Questions and Answers, Autism Interventions Evidence Report

Published 27 May 2021.

We have received many questions about our Autism Interventions Evidence Report, which was released in November 2020.

During our webinar in April 2021 about our report, Interventions for children on the autism spectrum: A synthesis of research evidence (Autism Interventions Evidence Report), we were delighted to receive 115 questions and comments. Our host, Prof Andrew Whitehouse was able to summarise a number of these questions and pose them to our presenters, A/Prof David Trembath and Dr Emma Goodall, during the webinar, but time did not allow us to get to all of the questions.

As promised, we have gone through the remaining questions and identified and responded to the main themes as well as providing specific examples and responses. We have also included some questions and answers that we have received following the webinar.

We are happy to receive further questions about the report and will add any new answers to this page. If you would like to ask the researchers a question about the report, please email hello@autismcrc.com.au.au.  Note: further summarised information about the report is also available in our Narrative Review Community Summary, Umbrella Review Community Summary and Category Overviews. Please read these pages before you send a question through as they may provide the answer. 

Contents

Theme 1: why the report relied on evidence from systematic reviews only

A number of questions and comments related to the fact that only evidence from systematic reviews (i.e., a review of individual studies) were included in the umbrella review. The full rationale for this is provided in the report, but in brief it was to ensure we included the highest quality of evidence from across each category of interventions.

We appreciate that there is a wide range of other research literature including qualitative studies of people's goals, preferences, and experiences with interventions; single case experimental design studies that are used to evaluate interventions; and quasi-experimental research which can offer insights.
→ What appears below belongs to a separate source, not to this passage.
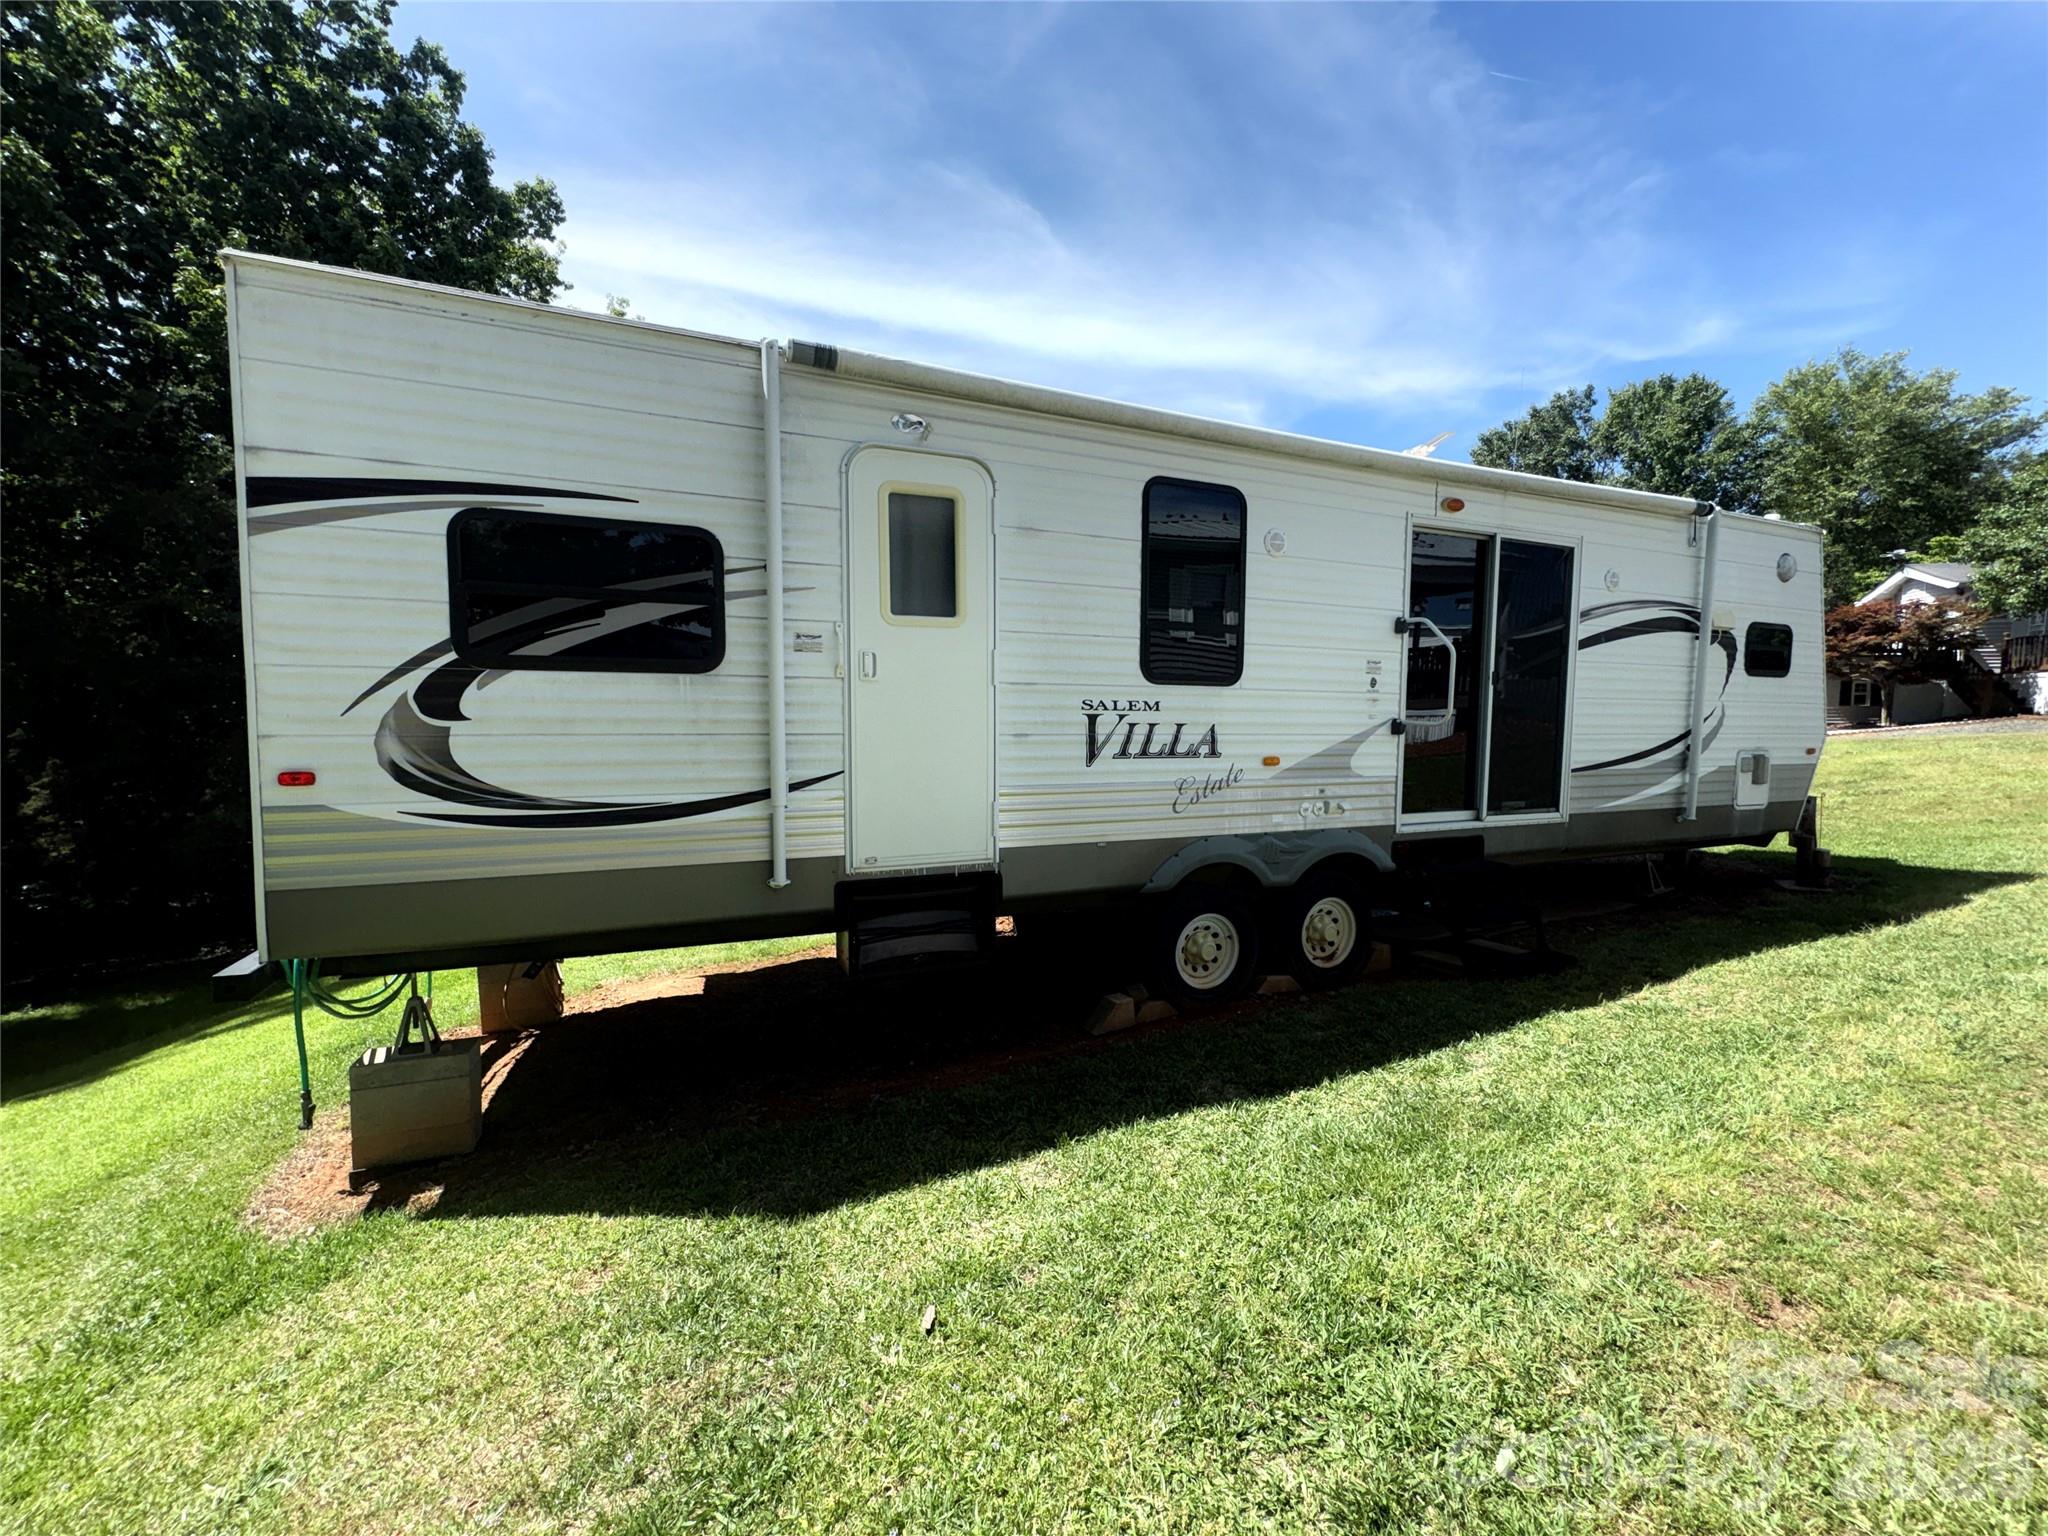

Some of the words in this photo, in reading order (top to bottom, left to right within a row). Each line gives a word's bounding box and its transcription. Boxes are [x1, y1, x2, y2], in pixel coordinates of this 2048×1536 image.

[1081, 699, 1161, 712] SALEM
[1081, 713, 1222, 768] VILLA
[1172, 762, 1246, 814] Estate
We also explicitly state in the report that the report represents a first step towards evidence-based guidelines. For the next step, which would translate the findings of the research synthesis (the Autism CRC report) to policy and practice, it is critical that there be comprehensive consultation with people with lived experience and practitioners to deliver consensus amongst all stakeholders.
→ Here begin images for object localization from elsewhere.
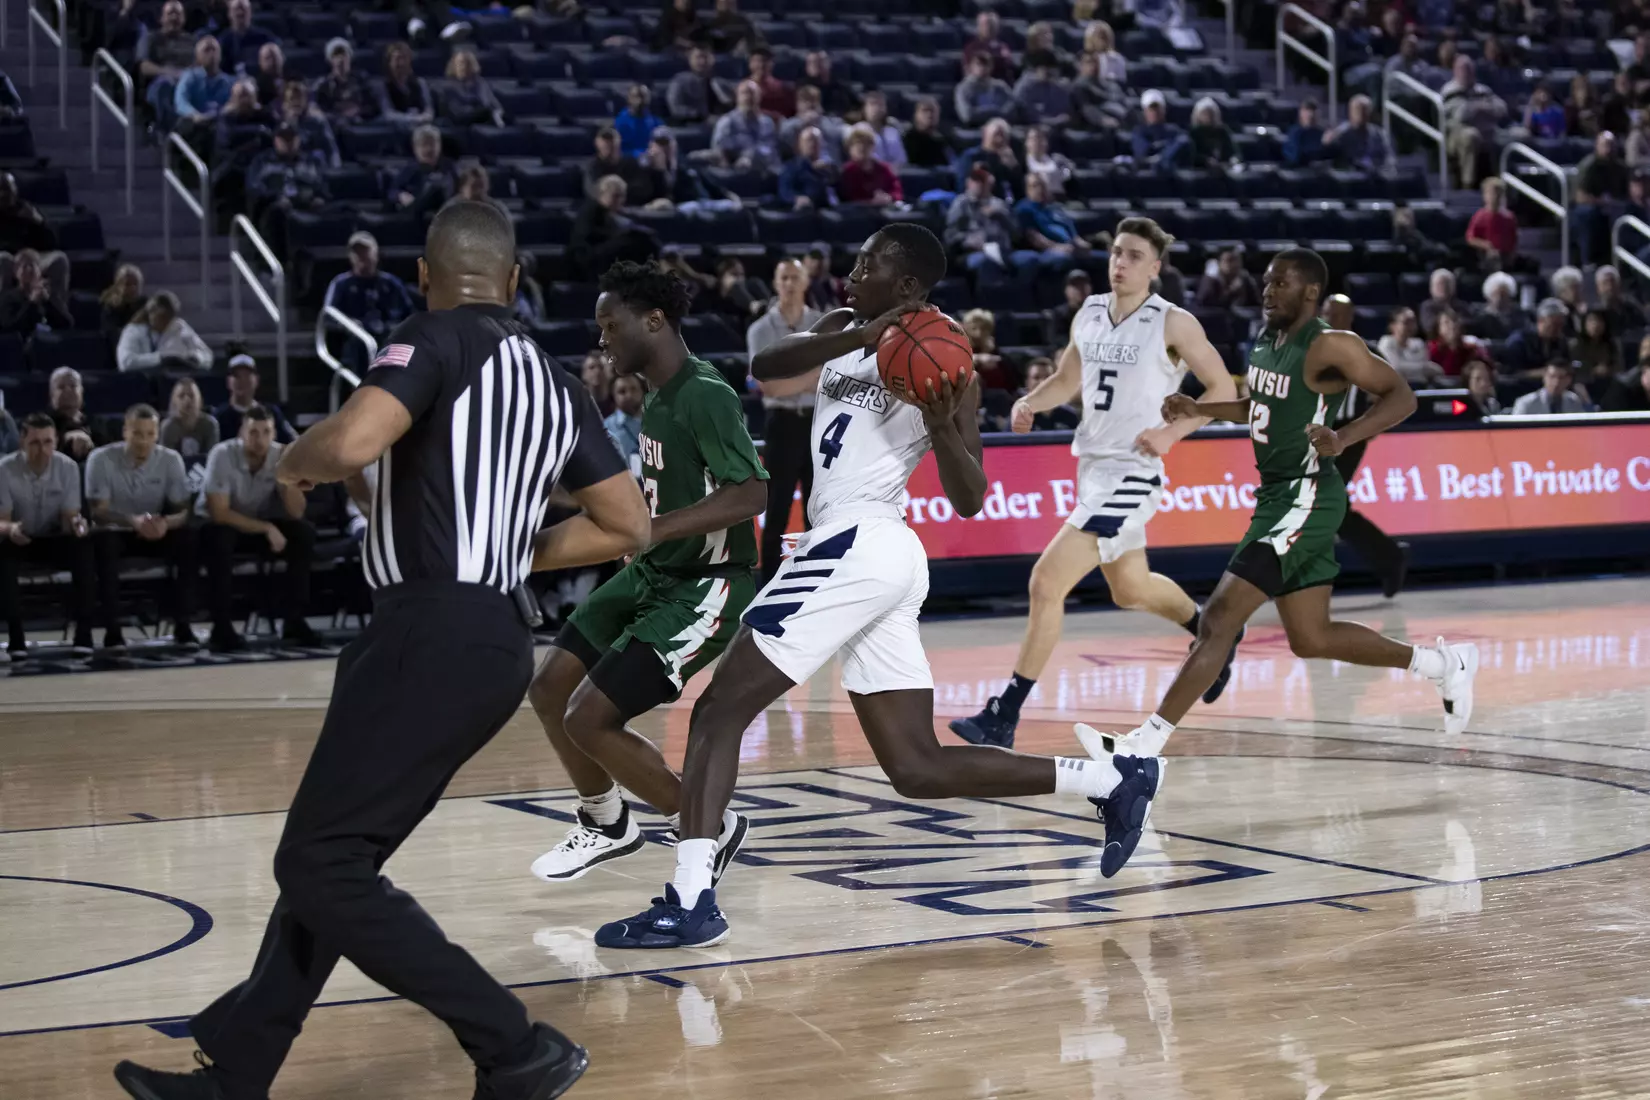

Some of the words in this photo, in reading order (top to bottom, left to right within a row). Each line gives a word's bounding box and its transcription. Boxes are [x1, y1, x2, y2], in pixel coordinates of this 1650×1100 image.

[1083, 342, 1140, 365] LANCERS
[820, 367, 893, 415] LANCERS
[1094, 368, 1118, 411] 5
[819, 412, 853, 470] 4
[1157, 472, 1261, 513] Servic
[1384, 465, 1428, 502] #1
[1437, 463, 1505, 501] Best
[1510, 459, 1621, 497] Private
The following is an example of a question raised and our specific responses:

Question: Why was the voice of autistic adult advocates regarding ABA strategies not included in the report?

Answer: The scope of the report was to synthesize the evidence from the scientific literature regarding interventions, including therapeutic benefits and adverse effects. The findings are enclosed in the report. It is important to be clear that this report is a piece to summarise the scientific evidence, and not a Guideline. A Guideline involves clinical wisdom and the voice of people with lived experience. As we wrote in the Discussion (p. 103): This report… “provides a robust foundation of evidence upon which consumers and policy-makers can combine efforts to develop guidelines that ensure the delivery of evidence-based supports to children on the autism spectrum within the Australian community.”
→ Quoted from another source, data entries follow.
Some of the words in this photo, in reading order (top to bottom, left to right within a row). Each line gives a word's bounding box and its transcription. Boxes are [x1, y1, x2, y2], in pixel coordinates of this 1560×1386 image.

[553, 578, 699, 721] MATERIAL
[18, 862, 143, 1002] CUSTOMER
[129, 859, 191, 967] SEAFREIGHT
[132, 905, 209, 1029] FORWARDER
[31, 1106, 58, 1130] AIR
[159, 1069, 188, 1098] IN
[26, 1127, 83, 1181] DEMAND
We firmly believe the next step of this research is to engage in a comprehensive, collaborative consultation process with people with lived experience and practitioners to ensure these scientific findings are placed within that important context and consensus is reached amongst all stakeholders.

Theme 2: Independence in completing the review

Several questions and comments raised this issue, including whether the authors were free to complete the report independently, and whether any personal or professional interests could have influenced the way the review was conducted and the findings reported. We welcome these as it is important that each person reading the report can understand the process and backgrounds of the authors and organisations involved.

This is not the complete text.